Word for word, and without a single picture, repeat the entries.

[Start of Attachment]

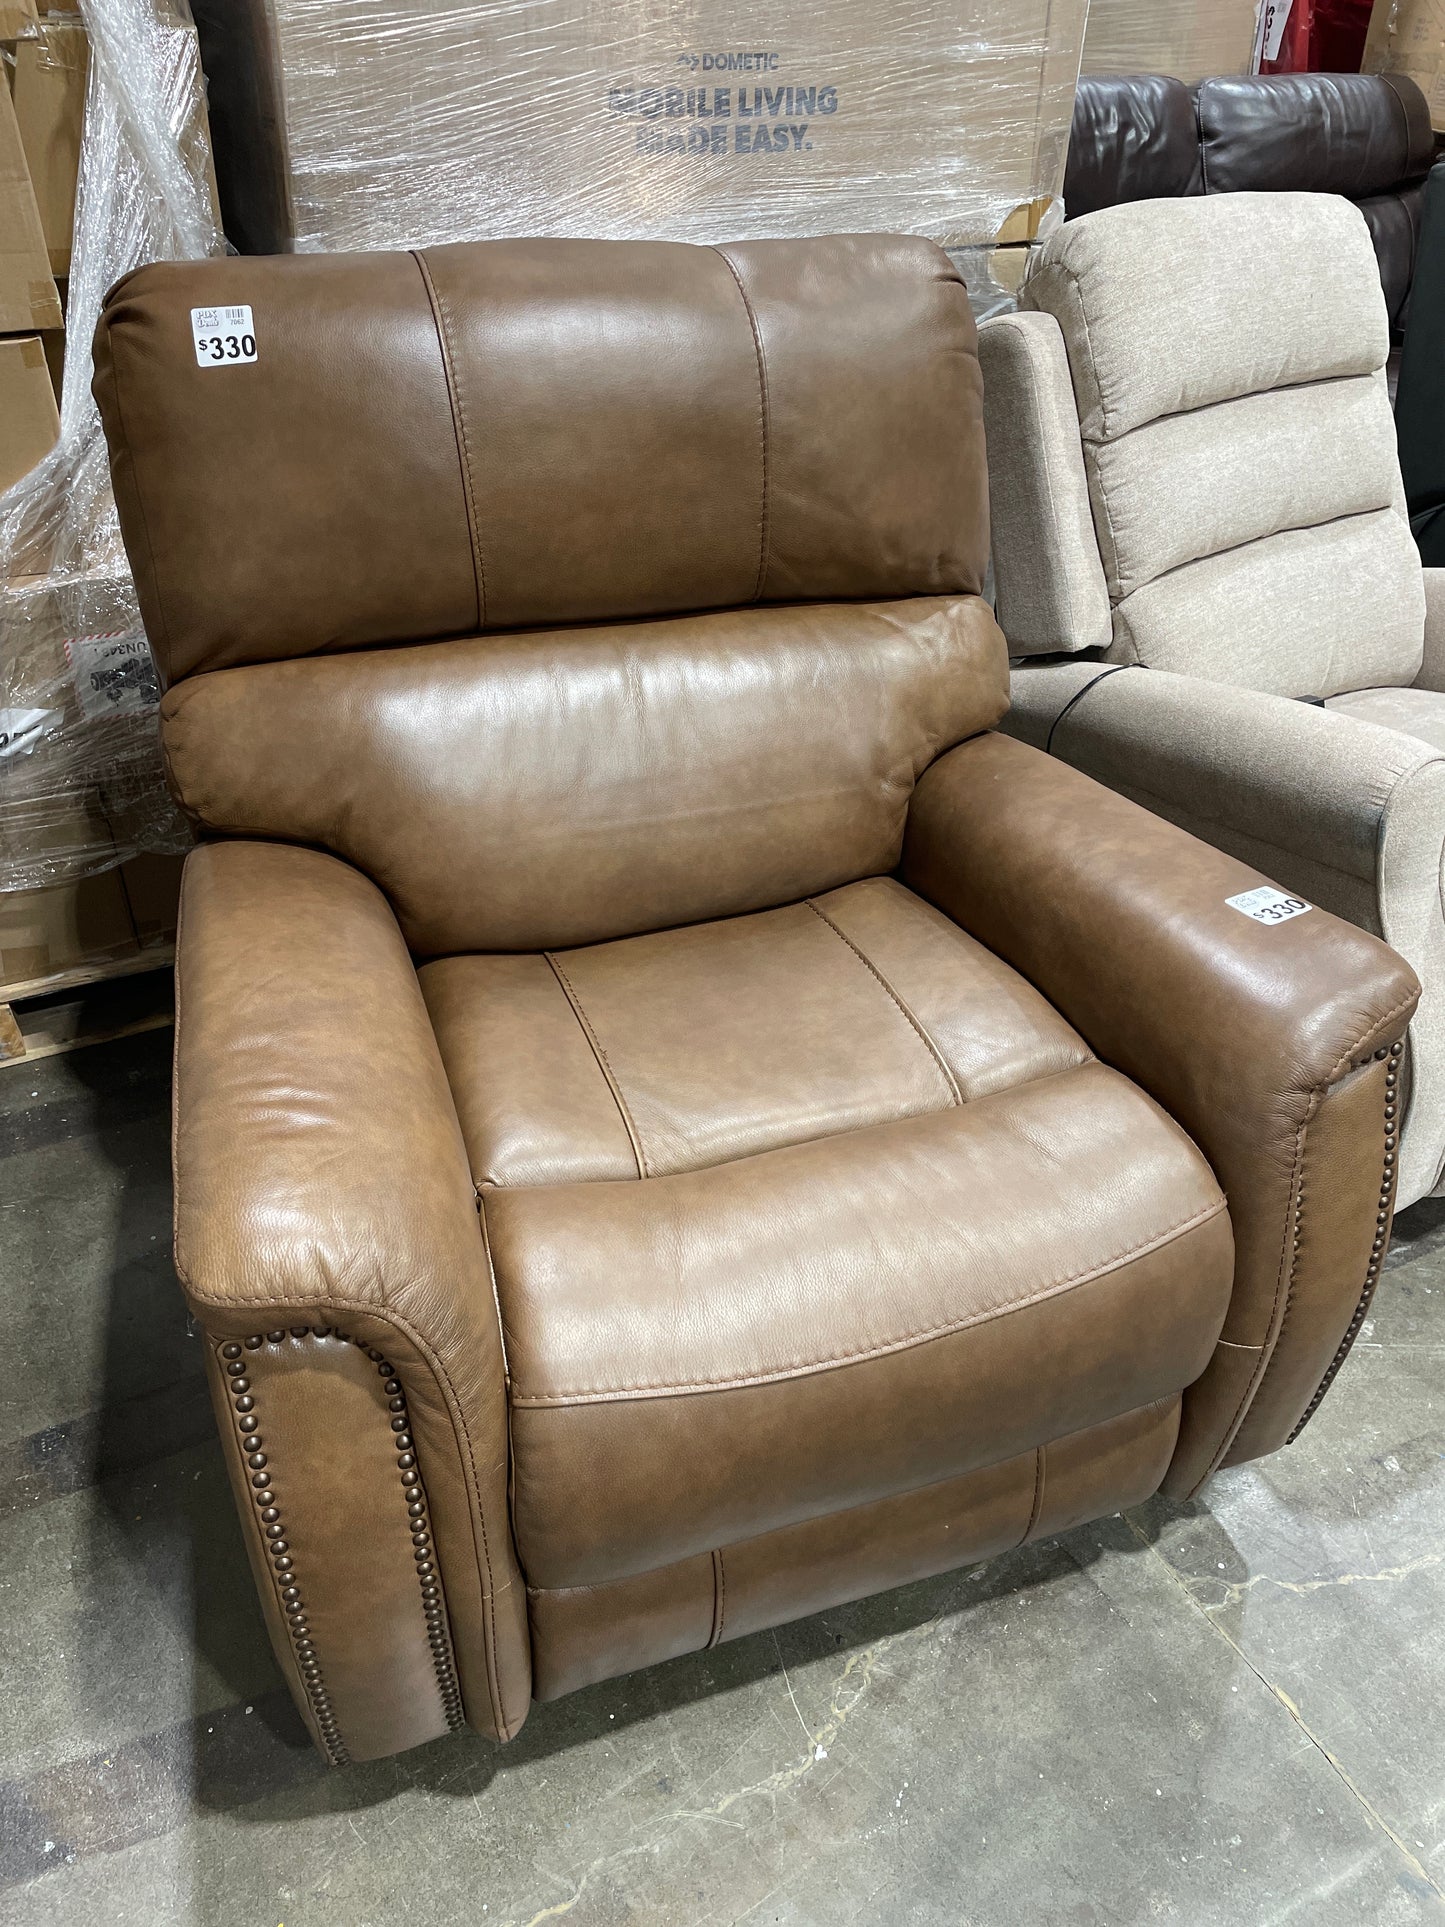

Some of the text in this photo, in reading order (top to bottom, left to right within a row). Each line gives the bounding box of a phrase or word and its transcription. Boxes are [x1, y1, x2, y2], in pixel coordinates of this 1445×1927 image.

[702, 53, 779, 71] DOMETIC
[609, 85, 838, 118] MOBILE LIVING
[636, 123, 812, 155] MADE EASY.
[198, 334, 256, 360] $330
[1253, 899, 1306, 919] $330

[End of Attachment]

> **ANSWER BOX**:
Some of the text in this photo, in reading order (top to bottom, left to right within a row). Each line gives the bounding box of a phrase or word and its transcription. Boxes are [x1, y1, x2, y2], in pixel coordinates of this 1445×1927 image.

[702, 53, 779, 71] DOMETIC
[609, 85, 838, 118] MOBILE LIVING
[636, 123, 812, 155] MADE EASY.
[198, 334, 256, 360] $330
[1253, 899, 1306, 919] $330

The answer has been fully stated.